Analyse the average industry salaries with your experience in mind
If this is your first job then the average graduate salary for your industry will be extremely relevant as they tend to be pretty standard. If you are looking for an increase, then measure how you have performed and trace your career along with the average salaries by yearly experience. Check out this article on graduatejobs.com to see graduate salaries by industry.
Ideally have a specific number
Having a range will end up with you settling for the bottom interval. Not bad but not ideal. Have a specific number in mind so that way you don’t end up at the mercy of your far more experienced hiring manager. Maybe even ask for a bit more than your set number.
Have the right timing
Timing is everything. They say asking on Thursdays is great and asking on Mondays should be avoided. Not necessarily true. If this is your first employment the conversation will naturally flow. If you are already established, then evaluate the current situation of the company.

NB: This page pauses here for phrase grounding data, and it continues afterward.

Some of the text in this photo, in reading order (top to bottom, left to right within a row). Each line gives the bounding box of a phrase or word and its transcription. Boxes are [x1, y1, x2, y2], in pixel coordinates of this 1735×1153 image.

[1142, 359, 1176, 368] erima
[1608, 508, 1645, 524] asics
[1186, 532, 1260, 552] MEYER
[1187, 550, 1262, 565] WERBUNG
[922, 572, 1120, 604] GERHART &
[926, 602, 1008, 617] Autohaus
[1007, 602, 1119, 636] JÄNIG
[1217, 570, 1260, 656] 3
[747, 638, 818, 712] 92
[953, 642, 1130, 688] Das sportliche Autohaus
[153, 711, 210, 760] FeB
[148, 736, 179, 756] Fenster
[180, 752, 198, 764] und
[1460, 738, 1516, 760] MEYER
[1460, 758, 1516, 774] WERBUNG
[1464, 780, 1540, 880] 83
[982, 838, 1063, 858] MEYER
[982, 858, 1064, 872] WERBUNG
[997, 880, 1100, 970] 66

Right amount of confidence
When the time comes, exhibit confidence up to the point in which it shows you are determined and the figure given is justified as you have closely assessed your worth. But be careful, don’t push it, you don’t want to project an image of entitlement.
Your future should take precedence, not your past achievements
Your past merits have led you to that conversation, but your future goals and your growing strategy will dictate if you are worth the money. Companies invest in the future, not the past.
Don’t fear the “No”
It was always a possibility, so try to be understanding. Counter if you feel you have something you can use as leverage but be careful not to push it to a place where you are giving unreasonable requests or reasoning.
No matter the outcome, maintain a position that you are committed to your own personal growth and that of your employer
If you got what you wanted, be grateful and let them know your best performance is yet to come. If you are unsatisfied, remain grateful for the consideration, secure your employment/position, and let them know you are committed to improve your performance.